Вот как. А разве могло быть иначе?
Назад я уехал уже один. Роберт сказал: «на всякий случай». И когда я шел лесом со станции, как шел много раз раньше, и так же белела в темноте дорога, и опять накрапывал дождик, и слабо пахло хвоей, а больше— эрзац-бензином с ближней заправочной станции: то есть все было как прежде, до Роберта… Тогда мне опять показалось, что я увидел его во сне.
Я мог бы убедиться в противном, если бы сохранил отцовское письмо. Но Роберт велел мне его уничтожить, и я сжег его на спичке, стоя на площадке вагона, а пепел сдунул под колеса. Мне жаль было этого письма, но я не посмел ослушаться. Ведь все то, что говорил Роберт, несмотря на его тон, было «амтлих»[1], очень даже амтлих! Не могло быть ничего более амтлихового, чем его инструкции! И он очень серьезно сказал, что это «амтлих». И «ганц фертраурих»[2] — тоже.
Да, я и сам понимал. Не ребенок. В мои годы папа уже в тюрьме сидел. За политику. Тут уж само собой подумалось, что и я могу вполне хлебнуть тюремной похлебки, как выражались наши немцы-эмигранты. Не говорили, как русские: «сидел за решеткой» или что-нибудь такое… А почему-то всегда приплетали сюда эту похлебку, как будто она больше всего запомнилась им из их тюремной жизни.
Так я шел и думал обо всяких вещах, просто чтобы отодвинуть главную мысль: как все это образуется…
И, ничего на этот счет не придумав и нисколько даже не представив себе своего ближайшего будущего, даже как-то внутренне не веря в возможность превращений, нарисованных Робертом, я дошел до лавки с «золотым» кренделем и стал потихоньку, стараясь не топать, чтобы не разбудить бабушку, подыматься по деревянной лестнице на второй этаж. Но старые ступеньки скрипели на все лады и так громко, что, наверное, было слышно в «Золотом шаре».

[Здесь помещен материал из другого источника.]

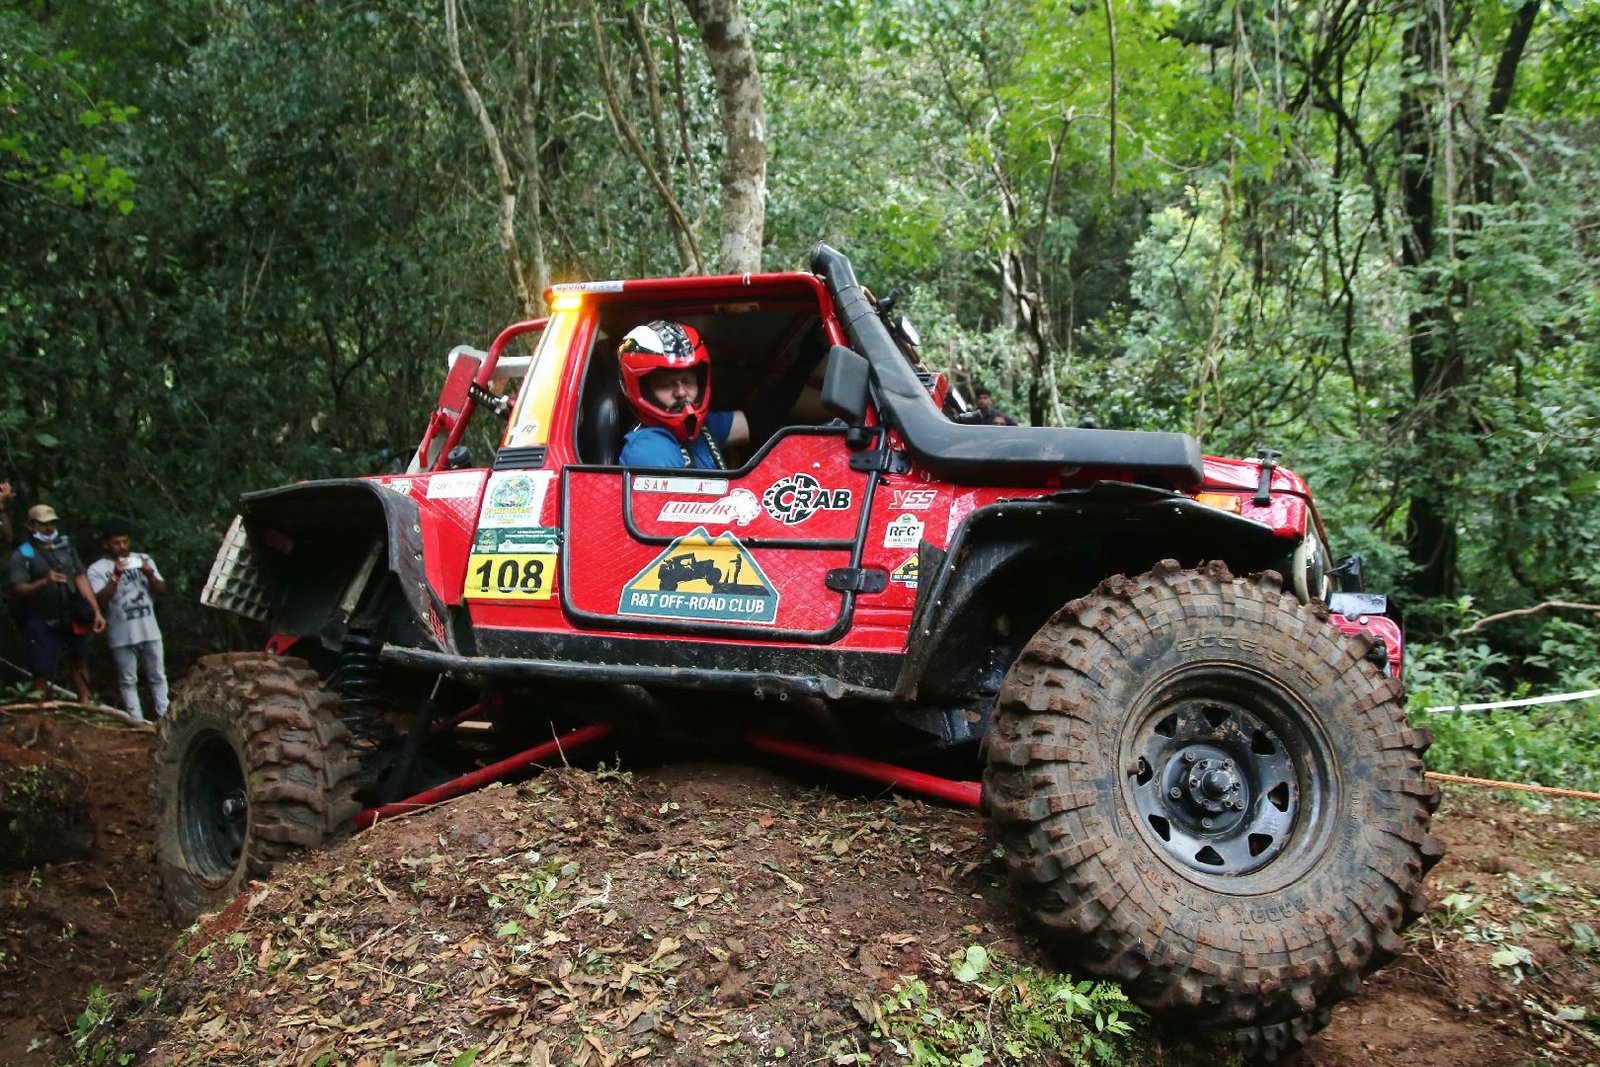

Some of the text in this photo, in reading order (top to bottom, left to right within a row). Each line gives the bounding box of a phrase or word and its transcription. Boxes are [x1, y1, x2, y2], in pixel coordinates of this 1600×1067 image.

[643, 479, 669, 491] SAM
[773, 482, 851, 514] CRAB
[888, 490, 938, 509] YSS
[662, 502, 732, 515] COUGAR
[889, 525, 917, 537] RFC
[475, 559, 544, 594] 108
[630, 592, 765, 614] R&T OFF-ROAD CLUB

Я хотел прошмыгнуть на антресоли, где я помещался, но увидел, что перед дверью в бабушкину комнату лежит слабое пятно света: может быть, она забыла потушить лампу. А может быть, не спала.

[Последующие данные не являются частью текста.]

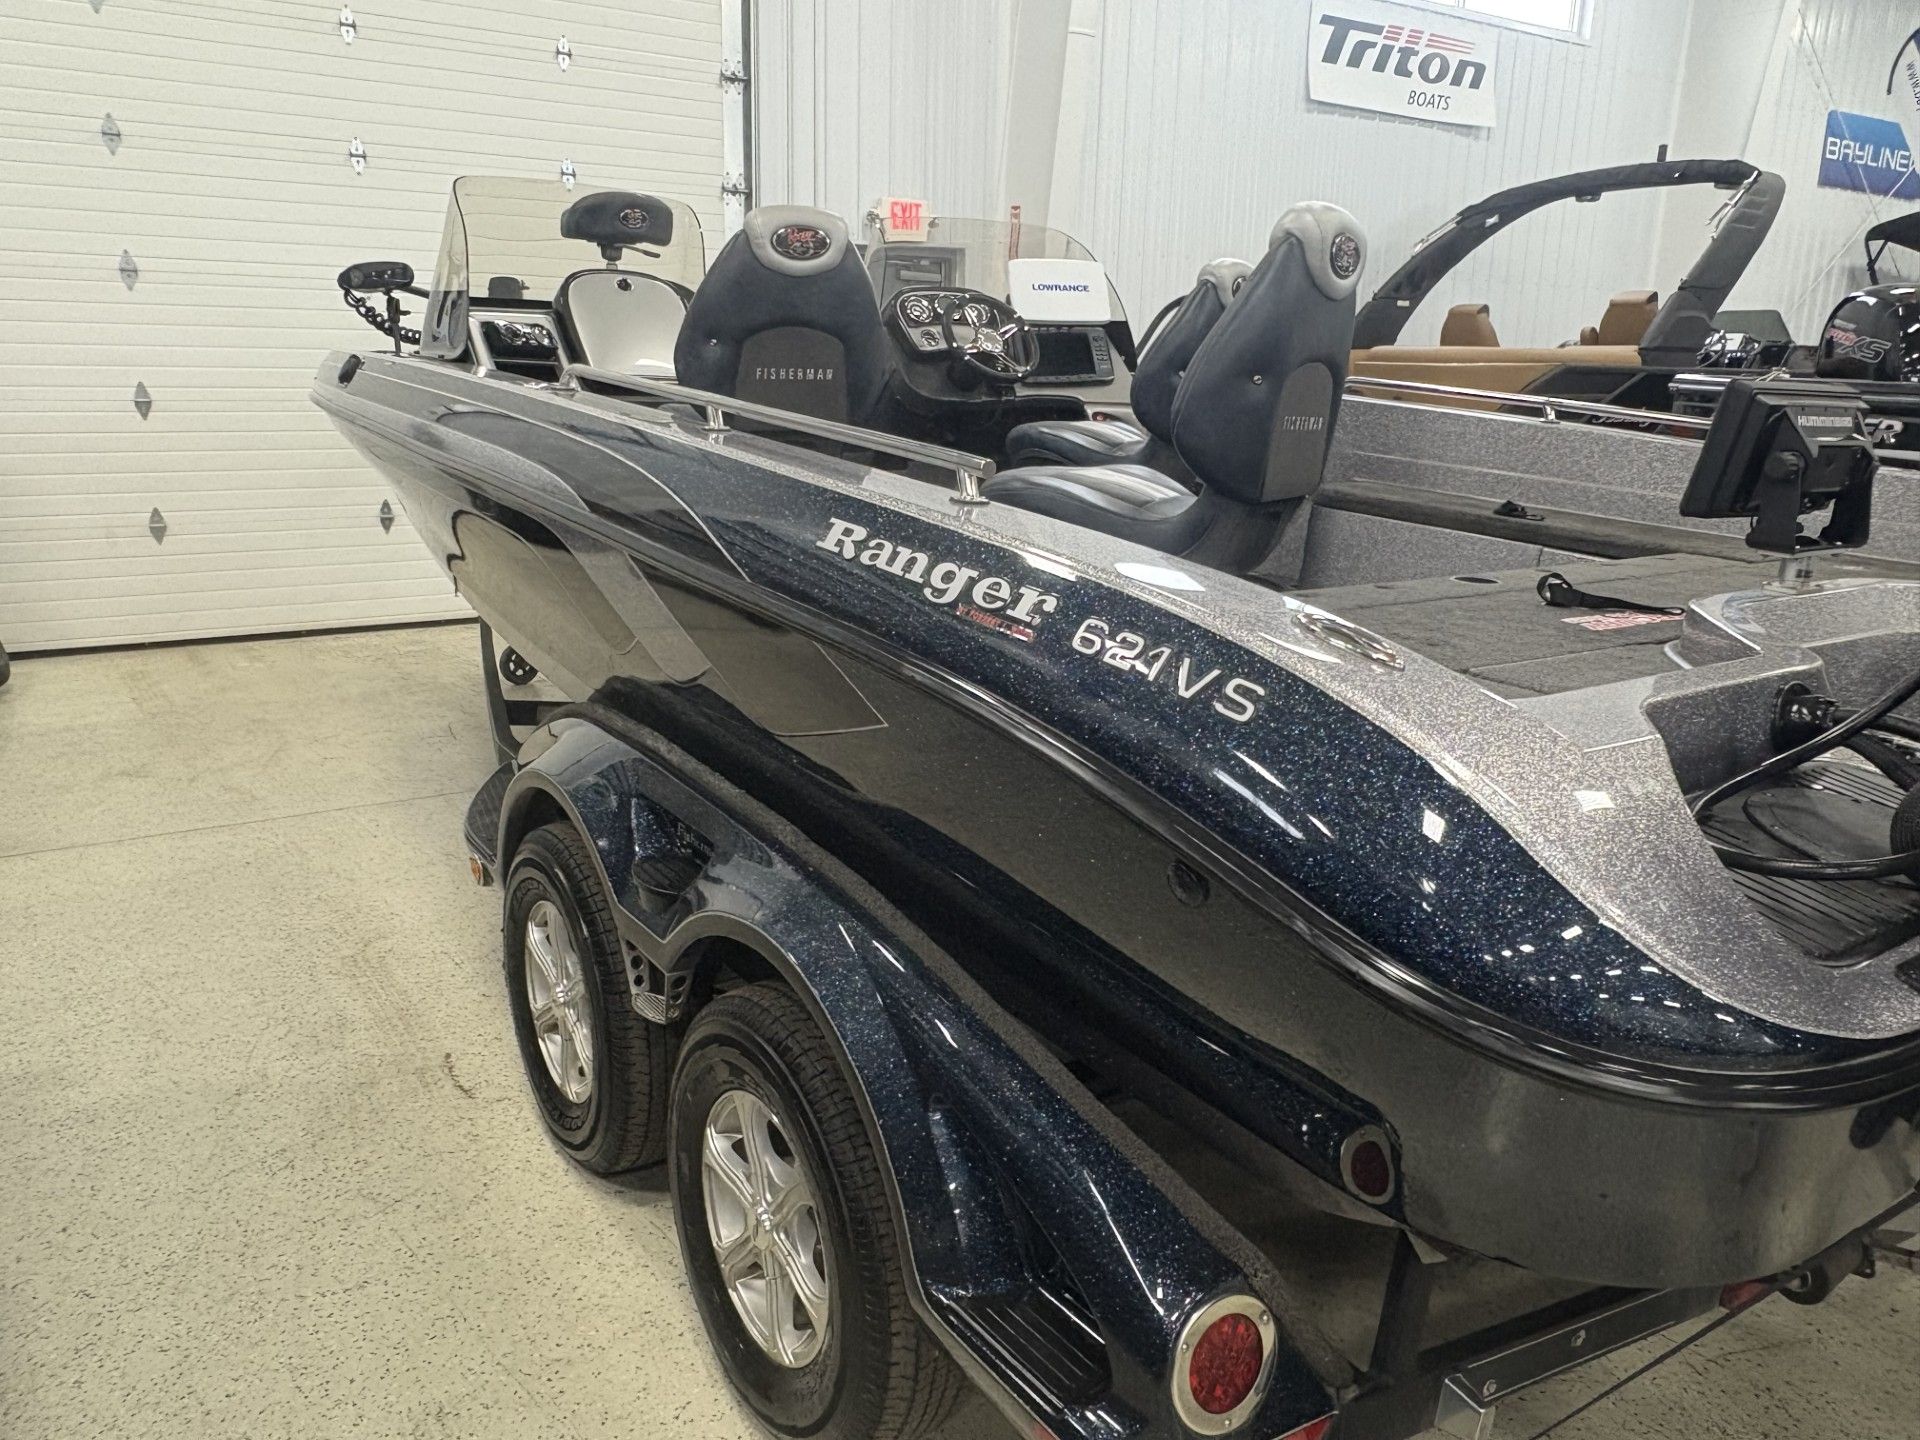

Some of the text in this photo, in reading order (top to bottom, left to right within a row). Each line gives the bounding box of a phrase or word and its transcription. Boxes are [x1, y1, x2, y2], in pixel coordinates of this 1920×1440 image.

[1319, 14, 1486, 90] Triton
[1407, 90, 1451, 111] BOATS
[1825, 136, 1914, 172] BAYLINE
[891, 201, 922, 231] EXIT
[1032, 283, 1090, 292] LOWRANCE
[756, 367, 833, 380] FISHERMAN
[815, 517, 1058, 623] Ranger

Мне не хотелось ей врать, а сказать то, что велел Роберт, надо было уже перед окончательным моим уходом.
И я быстро-быстро взбежал по крутым ступенькам на антресоли. И заснул как убитый, несмотря на все свои переживания.

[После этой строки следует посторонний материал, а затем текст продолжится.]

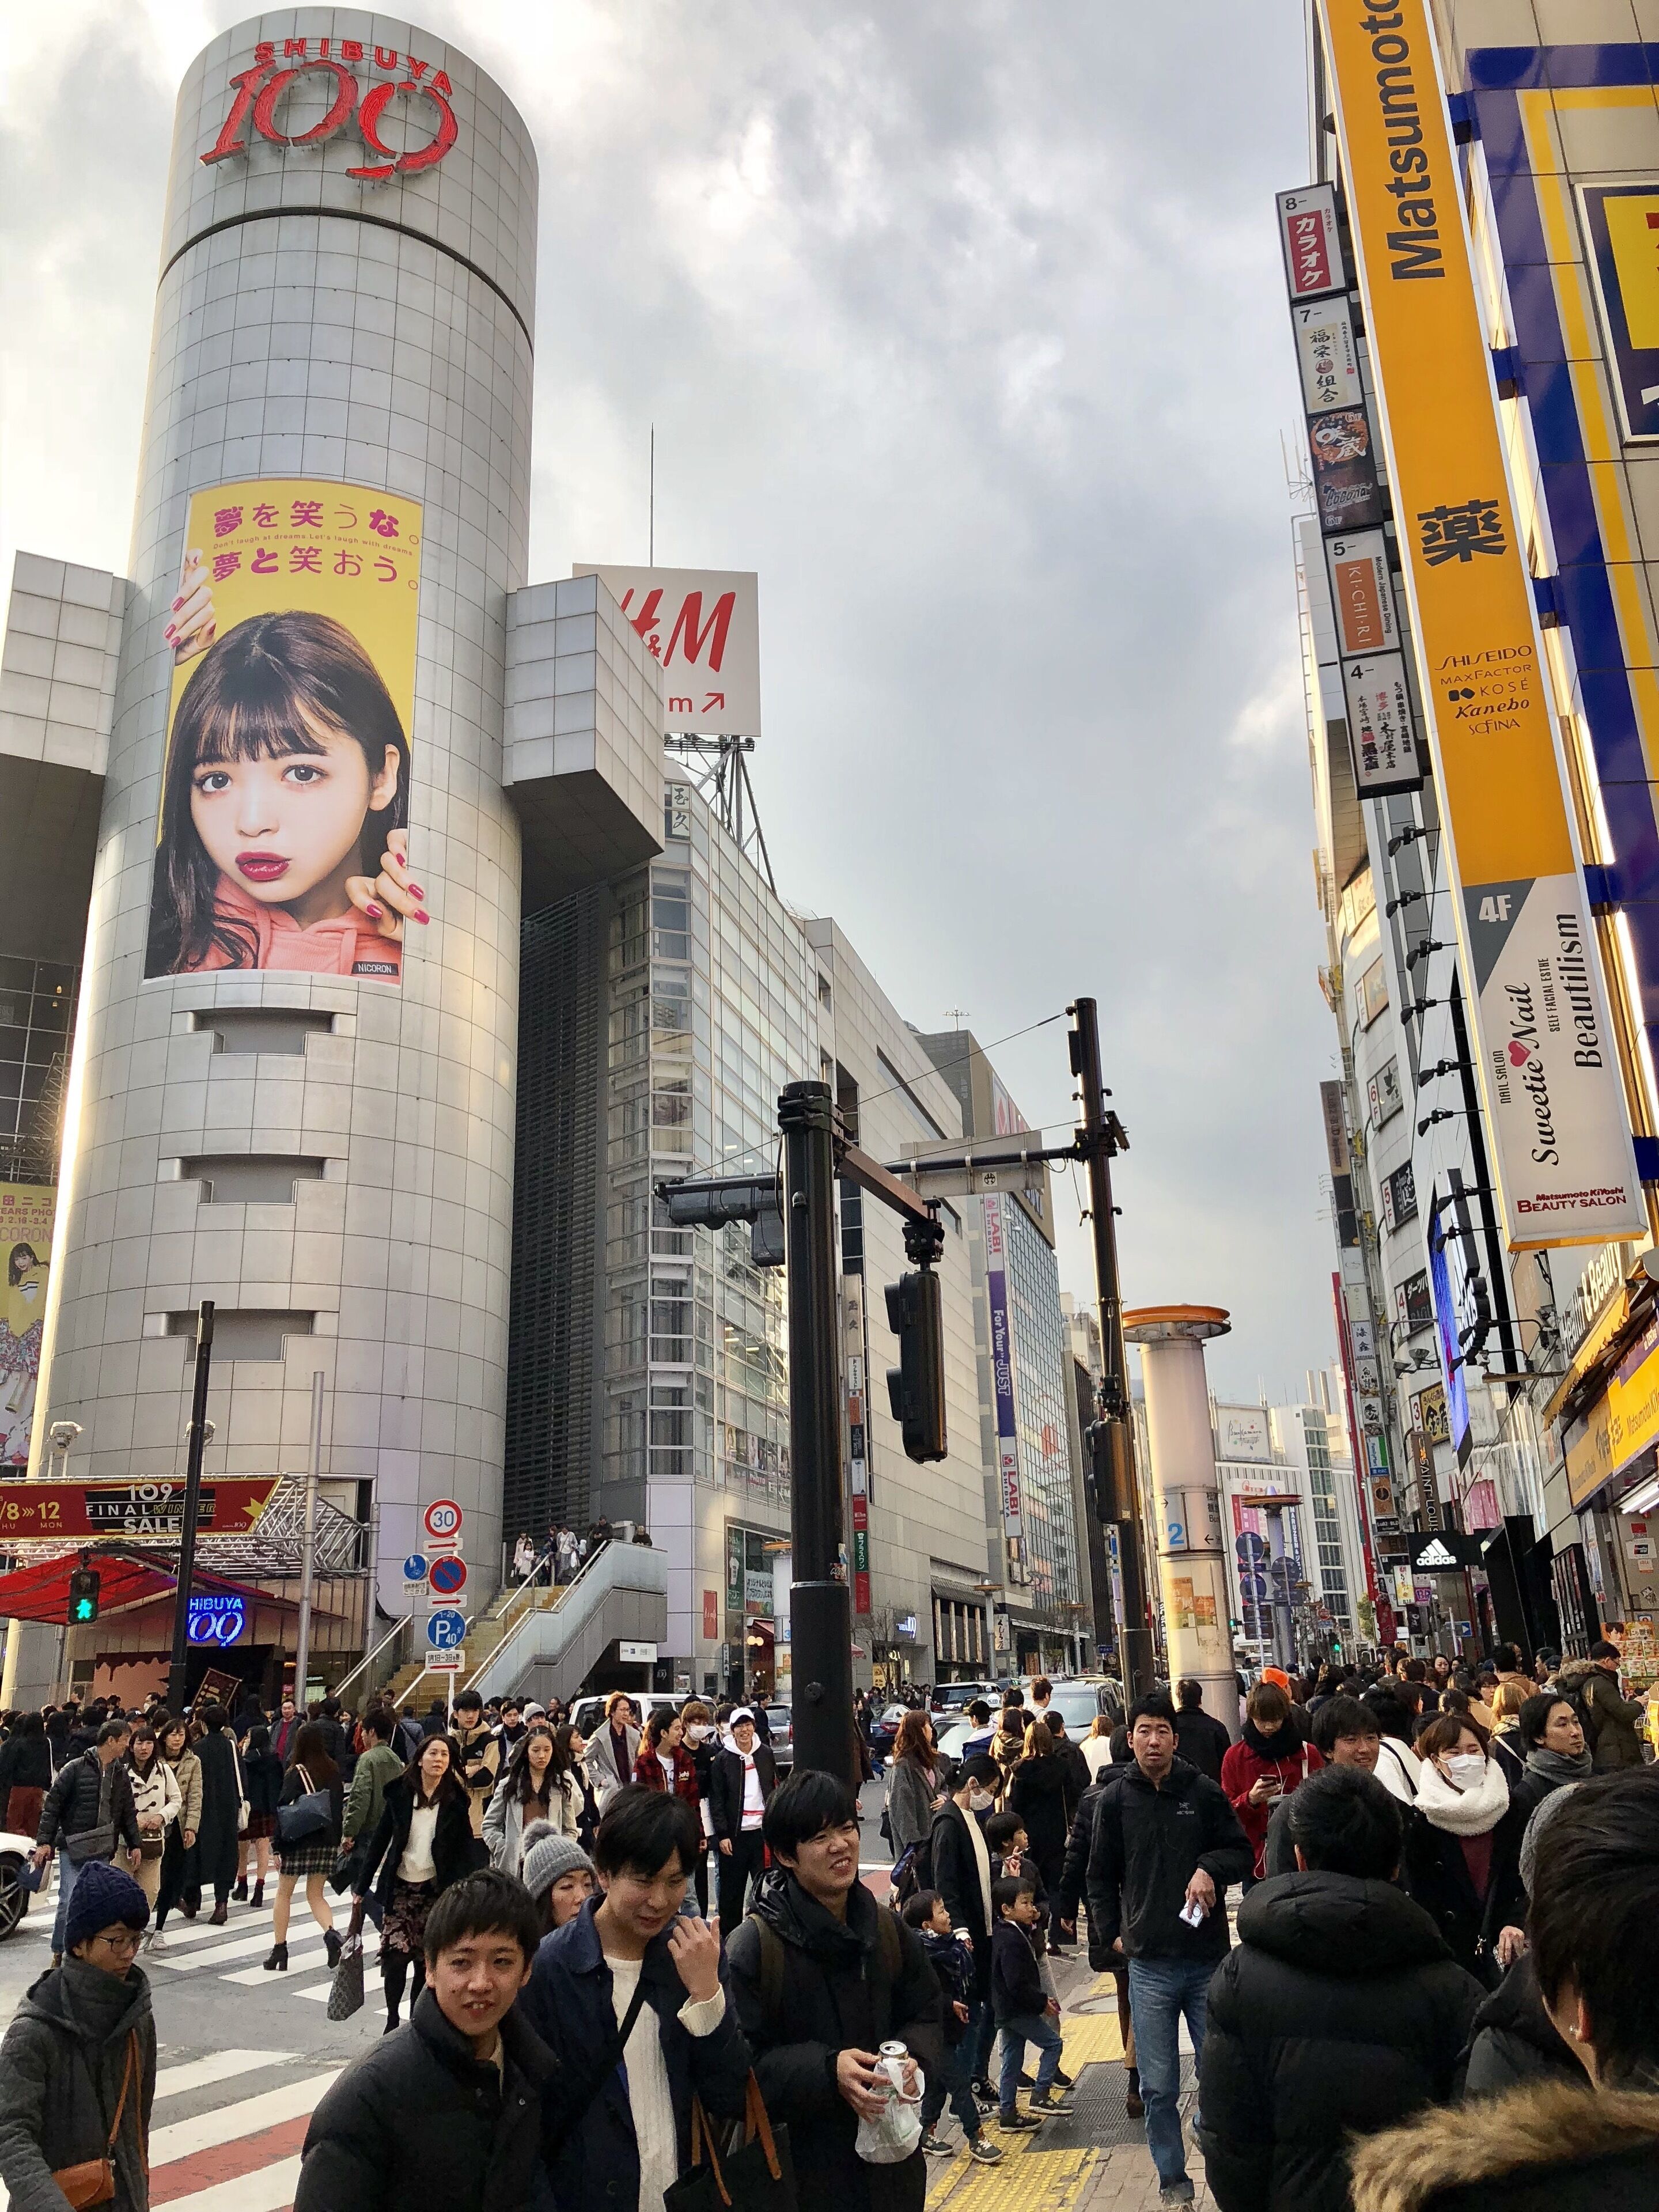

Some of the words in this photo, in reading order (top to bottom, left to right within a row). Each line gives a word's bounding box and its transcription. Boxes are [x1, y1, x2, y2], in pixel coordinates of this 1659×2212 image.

[254, 38, 453, 96] SHIBUYA
[200, 59, 459, 179] 109
[1325, 209, 1334, 233] カラオケ
[1296, 216, 1324, 288] カラオケ
[214, 500, 420, 546] 夢を笑うな。
[1416, 499, 1508, 567] 薬
[213, 539, 234, 549] Don't
[237, 536, 259, 544] laugh
[334, 535, 358, 544] laugh
[362, 539, 380, 548] with
[212, 546, 419, 590] 夢と笑おう。
[1375, 556, 1384, 581] Modern
[1378, 581, 1389, 612] Japanese
[1384, 612, 1392, 634] Dining
[1434, 645, 1532, 672] SHISEIDO
[1480, 677, 1530, 696] KOSÉ
[668, 697, 693, 713] m
[1455, 698, 1530, 719] Kanebo
[1468, 719, 1521, 735] SOFINA
[673, 787, 690, 832] 玉久
[1478, 893, 1512, 923] 4F
[358, 964, 392, 974] NICORON
[1537, 957, 1552, 982] ESTHE
[1543, 983, 1558, 1012] FACIAL
[1556, 914, 1603, 1068] Beautilism
[1503, 982, 1540, 1050] Nail
[1548, 1013, 1560, 1033] SELF
[1493, 1050, 1509, 1080] SALON
[1500, 1082, 1512, 1104] NAIL
[1522, 1059, 1559, 1166] Sweetie
[1384, 1187, 1392, 1222] 5F
[1517, 1199, 1577, 1214] BEAUTY
[1579, 1195, 1627, 1208] SALON
[1536, 1191, 1589, 1202] Matsumoto
[0, 1207, 28, 1215] EARS
[991, 1213, 1002, 1255] LABI
[1560, 1287, 1586, 1355] Health
[1581, 1271, 1592, 1322] &
[1588, 1242, 1623, 1313] Beauty
[994, 1309, 1004, 1327] For
[995, 1327, 1006, 1353] Your
[1627, 1400, 1652, 1438] Matsumoto
[1419, 1458, 1433, 1494] SAINT
[127, 1483, 173, 1501] 109
[1007, 1471, 1020, 1517] LABI
[37, 1501, 60, 1520] 12
[86, 1504, 150, 1516] FINAL
[153, 1503, 217, 1514] WINER
[433, 1510, 454, 1528] 30
[123, 1517, 180, 1534] SALE
[1168, 1522, 1184, 1545] 2
[1290, 1505, 1300, 1548] MARUZEN
[1416, 1555, 1457, 1566] adidas
[190, 1597, 243, 1611] HIBUYA
[188, 1611, 243, 1647] 09
[435, 1620, 450, 1645] P
[445, 1633, 457, 1645] 40

Потом у меня были очень короткие и деловые встречи с Робертом. И один раз, только один, он посмотрел, как я управляюсь с рацией. И хотя я так волновался, что даже весь вспотел, все прошло удачно: мне самому даже не верилось. И насчет шифра Роберт тоже остался мной доволен и сказал, что я усвоил его в «рекордный срок».
Все это прошло для меня в каком-то тумане, а запомнилась ясно только последняя наша встреча. Самая последняя. Может быть, поэтому и запомнилась.
Нет, наверное, не только поэтому: дело в том, что в тот вечер я уже знал, что не увижу больше Роберта. И не хотел отпускать его так… Не расспросив хорошенько про своих… Потому что папино письмо было короткое и какое-то стесненное. Я понимал, конечно, что оно и не могло быть другим, но на словах-то Роберт мог мне все объяснить. Как они там? И как Москва?
Я же не знал, когда вернусь. Да и вернусь ли? Об этом я тоже думал. Как же иначе в моем-то положении!
И я попросил Роберта рассказать мне…
На этот раз мы встретились с ним в Берлине, он повел меня в очень хорошее кафе. Я ни разу в таком не был… Кажется, оно называлось «Фатерлянд». И там показывали «Бурю на Рейне». В зале тушили свет, а на сцене, в декорациях, точно, сказал Роберт, воспроизводящих прирейнский ландшафт, разыгрывалась жесточайшая буря с молнией, громом и тонущим кораблем… Мне очень понравилось, но Роберт смеялся и сказал, что это ужасная безвкусица «на потребу бюргеров», типичный квач[3].
Вот когда мы с ним сидели после этой «бури», я и попросил его: «Расскажите мне, как вы встречались с моими… Ну, где, как они выглядели…» Он посмотрел на меня, и опять-таки мелькнуло в его взгляде не то сожаление — оно относилось ко мне, — не то снисхождение к моей слабости… «Да-да, я понимаю тебя», — сказал он.
И он стал рассказывать, постепенно наращивая мелкие подробности, так что я уже вроде стал «видеть» то, что он описывал… Со мной так случалось, чаще всего при чтении книг.
Но сейчас я понял, что не могу ничего такого видеть. Мне это причиняло боль.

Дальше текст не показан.